Daha kademeli vergilendirme sistemlerine geçiş, ekonomik dönüşümün temel bir itici gücü olarak ortaya çıkmaktadır. Bu ölçüye göre, nispeten dengeli ve artan vergi yapıları sayesinde Güney Kore, Japonya, Avustralya ve Güney Afrika en yüksek puanı almaktadır.
Geleceğe hazır eğitim, çalışma yasaları ve gelir desteği sosyal koruma tabanını genişletmek için daha iyi entegre edilmeli. Yeni güvenlik ağı modelleriyle uygun işçi korumasını birleştirmiş Almanya, Danimarka, İsviçre ve İngiltere diğerlerine nispeten daha hazırlıklı. Güney Afrika, Hindistan, Yunanistan ve Türkiye ise en az hazırlıklı ülkeler arasında.

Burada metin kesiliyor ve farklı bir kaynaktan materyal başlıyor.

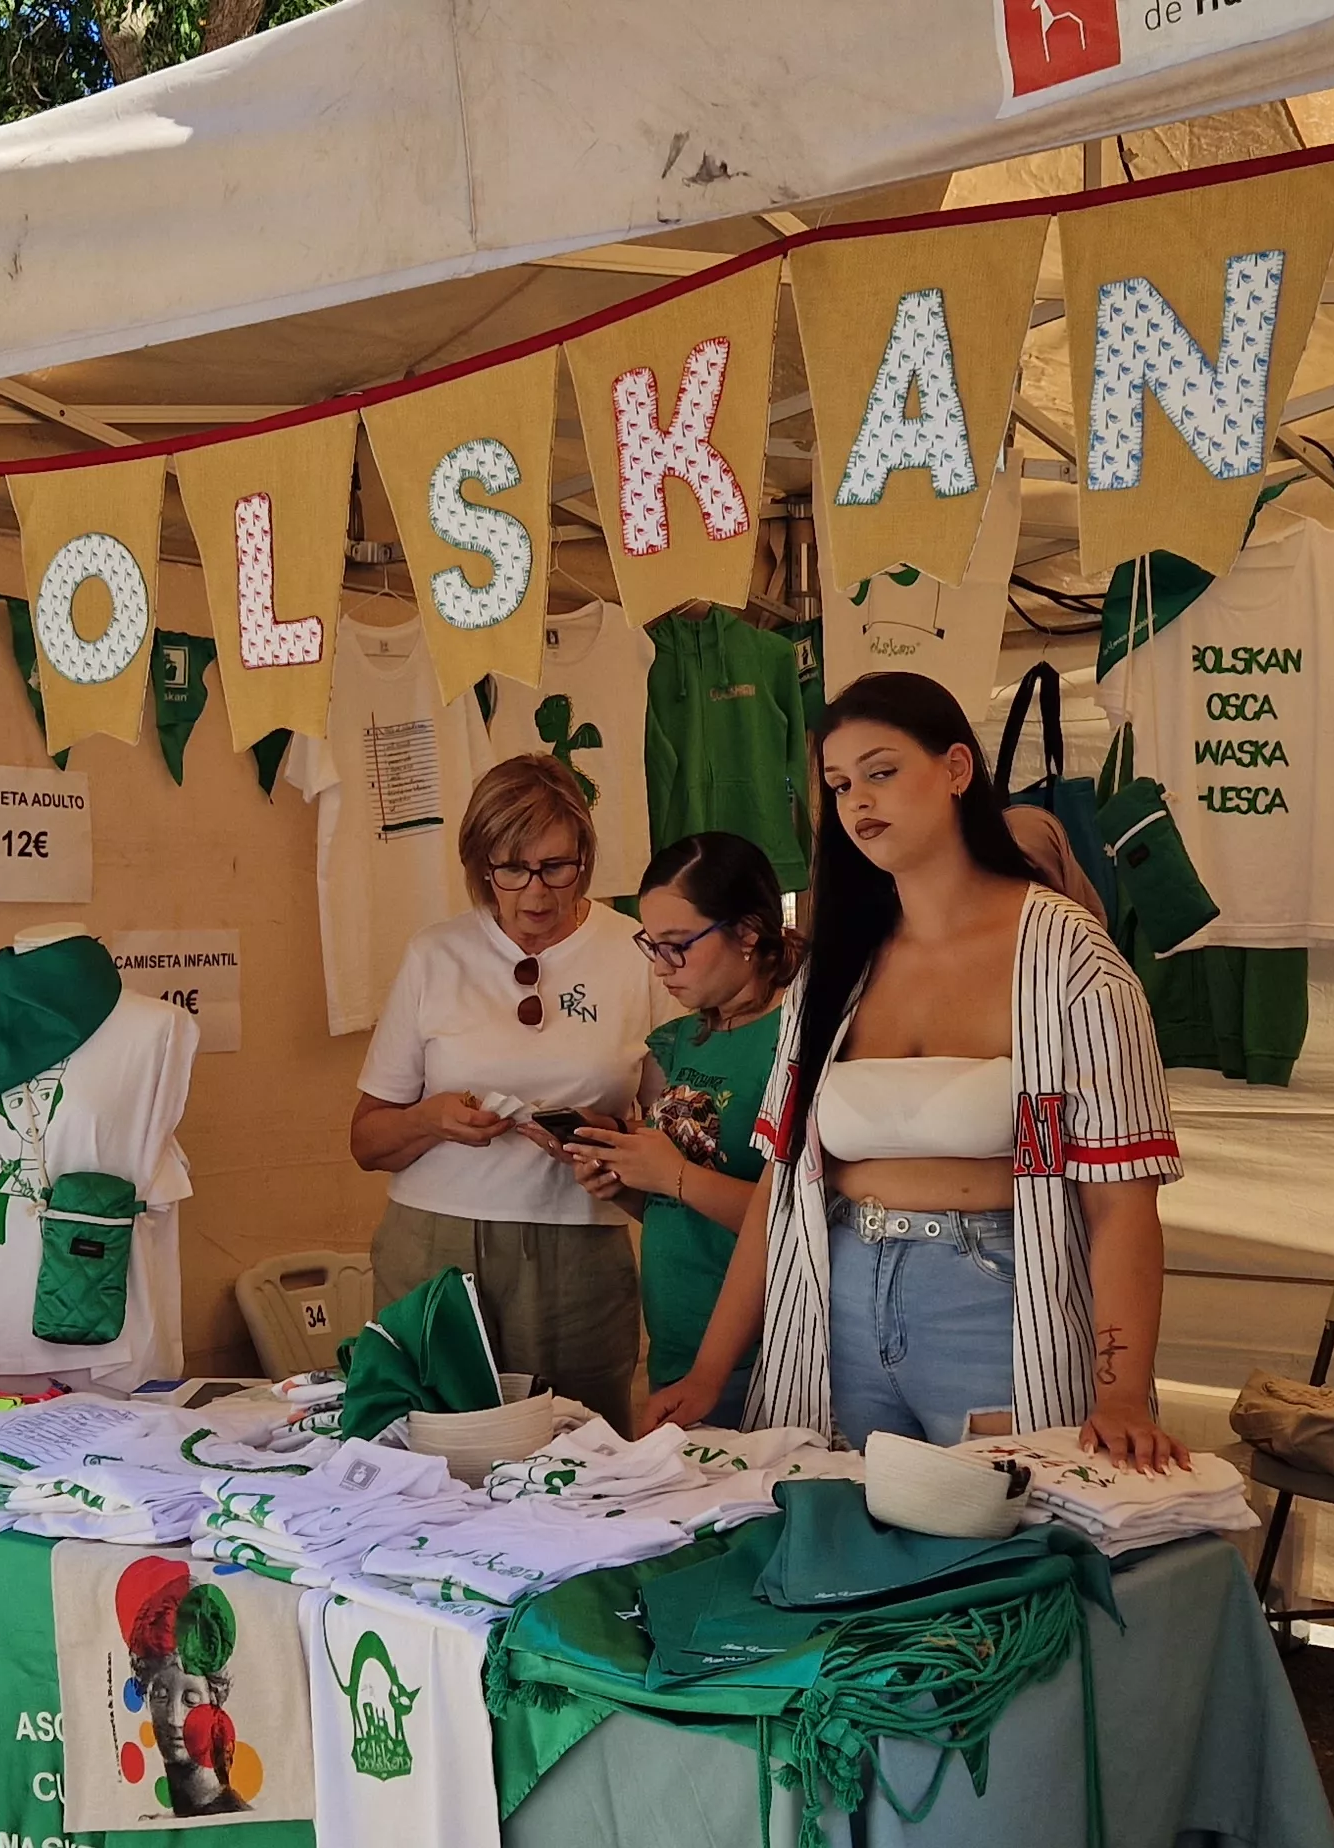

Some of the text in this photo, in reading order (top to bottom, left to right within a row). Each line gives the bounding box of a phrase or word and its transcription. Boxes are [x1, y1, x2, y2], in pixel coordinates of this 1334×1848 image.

Araştırma, inovasyon ve buluş alanlarındaki uzun vadeli yatırımları teşvik etmek ve genişletmek “yarının pazarlarını” yaratabilir ve büyümeyi sağlayabilir. Finlandiya, Japonya, ABD, Güney Kore ve İsveç “yarının pazarlarını” yaratmak için daha hazırlıklı olarak ortaya çıkarken Yunanistan, Meksika, Türkiye ve Slovak Cumhuriyeti daha az hazırlıklıdır.